Saadane Aicha, Soltys Jindrich, Berger Melvin
Department of Pediatrics, Rainbow Babies and Childrens' Hospital, Case Western Reserve University School of Medicine, Cleveland, Ohio 44106, USA.
J Allergy Clin Immunol. 2006 May;117(5):1163-9. doi: 10.1016/j.jaci.2006.01.052.
Cystic fibrosis (CF) is characterized by an excessive and prolonged inflammatory response to Pseudomonas aeruginosa in the lung. There are high levels of cytokines and chemokines and an exaggerated PMN influx causing significant morbidity and mortality.
To compare the kinetics of the inflammatory response with the kinetics of clearance of acute bacterial challenge in the lungs of CF and wild-type (WT) mice.

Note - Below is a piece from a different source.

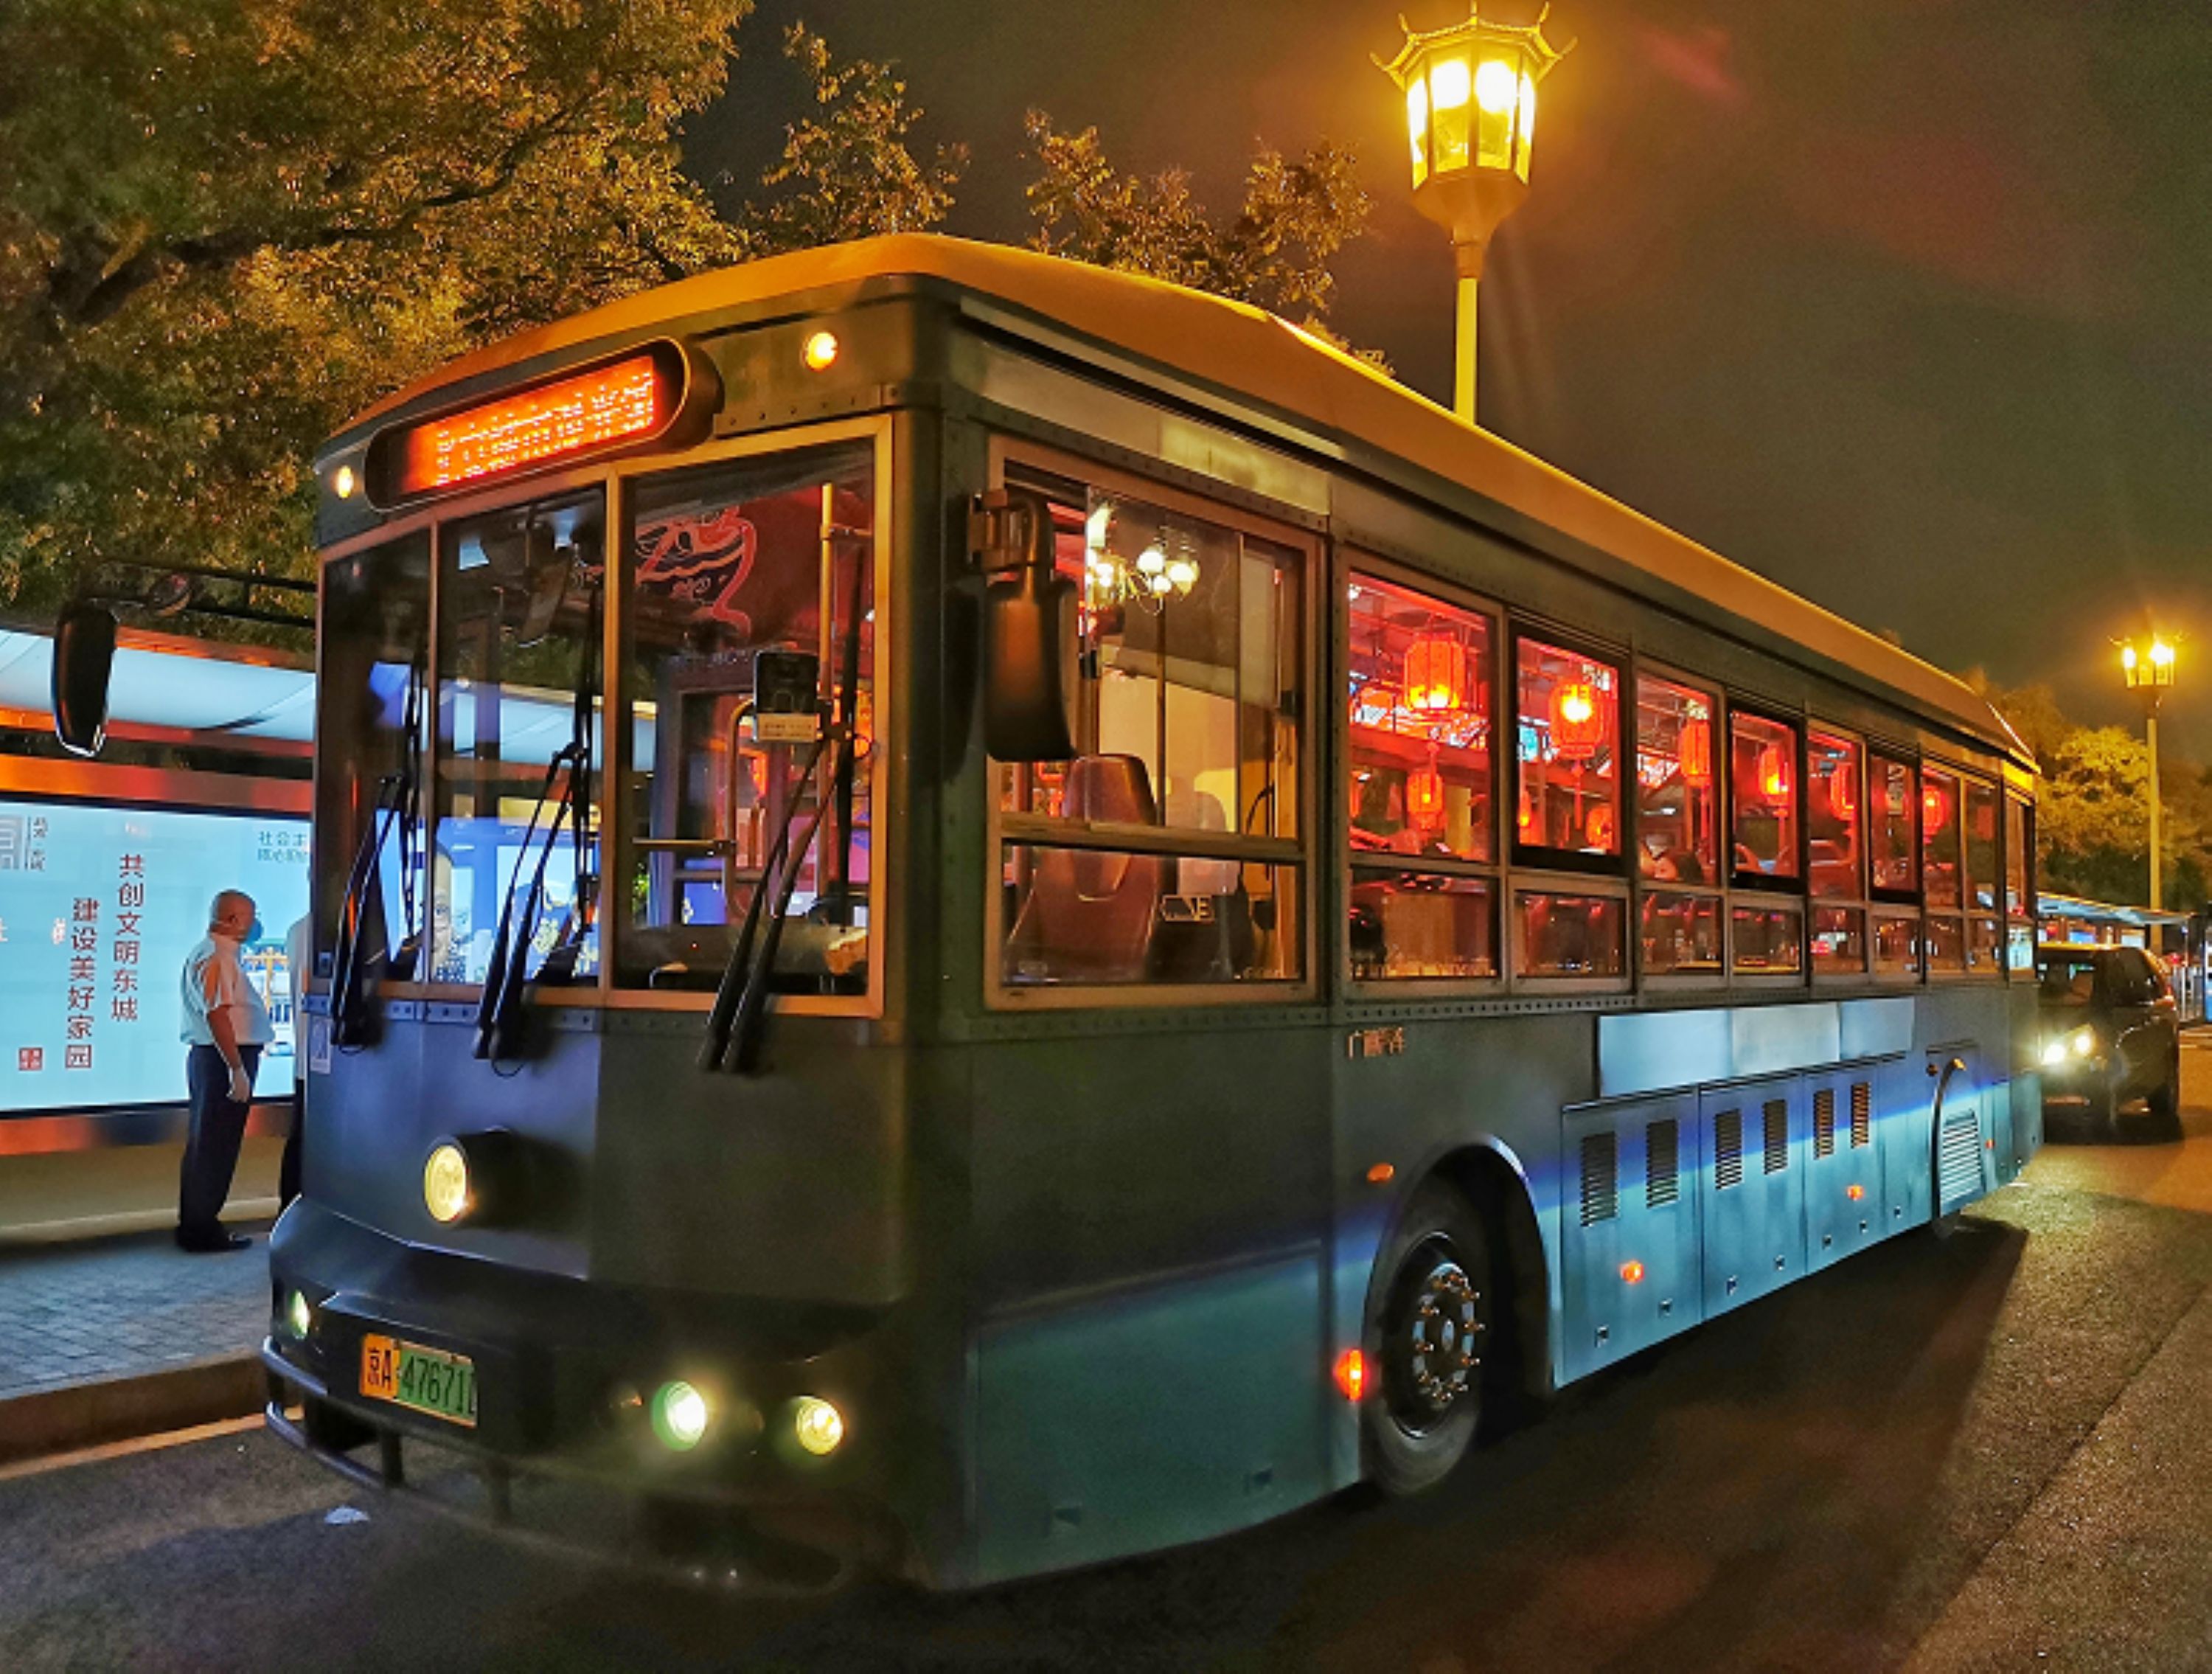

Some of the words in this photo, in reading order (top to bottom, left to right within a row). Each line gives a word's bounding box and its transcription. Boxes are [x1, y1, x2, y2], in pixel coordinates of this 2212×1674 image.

[65, 897, 100, 1069] 建设美好家园
[111, 853, 145, 1022] 共创文明东城

We challenged CF knockout (KO) and WT mice intratracheally with P aeruginosa in suspension and evaluated bacteria counts, nuclear factor-kappaB (NF-kappaB), and inhibitor of NF-kappaB alpha protein (I-kappaBalpha) in lung tissue, cytokines, and PMN in bronchoalveolar lavage (BAL).

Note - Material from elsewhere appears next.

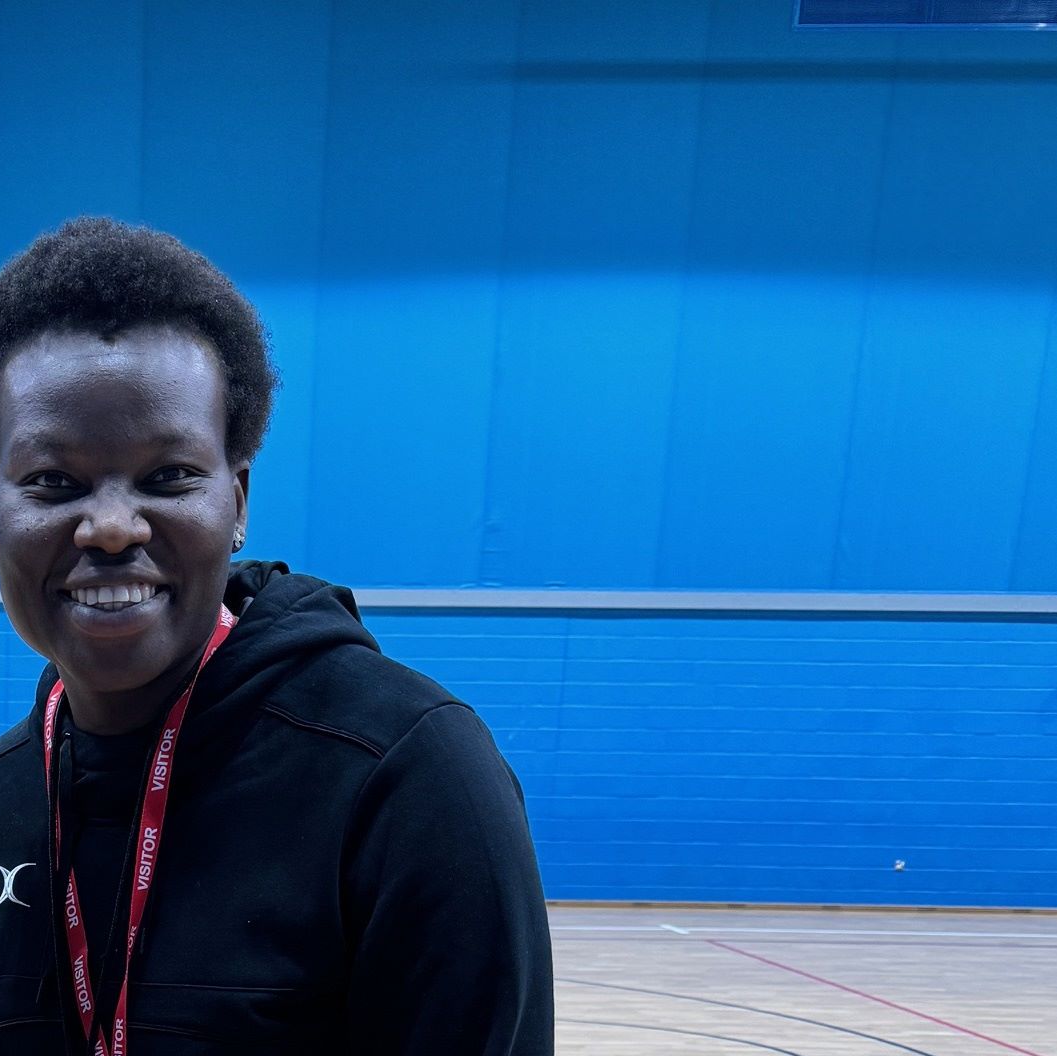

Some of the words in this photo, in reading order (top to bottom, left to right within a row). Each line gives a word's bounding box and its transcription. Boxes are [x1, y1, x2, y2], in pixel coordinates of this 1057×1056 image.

[151, 728, 177, 792] VISITOR
[137, 827, 158, 891] VISITOR
[65, 876, 79, 929] SITOR
[73, 954, 92, 1014] VISITOR

Both groups of mice cleared the infection with the same kinetics. CF-KO mice had more PMN in BAL than WT mice. CF-KO mice had high concentrations of proinflammatory cytokines in BAL on days 2 and 4, whereas cytokines in BAL from WT mice were only slightly elevated. CF-KO mice failed to regenerate I-kappaBalpha once it was degraded, and consequently had prolonged and excessive activation of NF-kappaB for the entire 6-day duration of the study. In contrast, WT mice showed only slight NF-kappaB activation, which plateaued at day 4.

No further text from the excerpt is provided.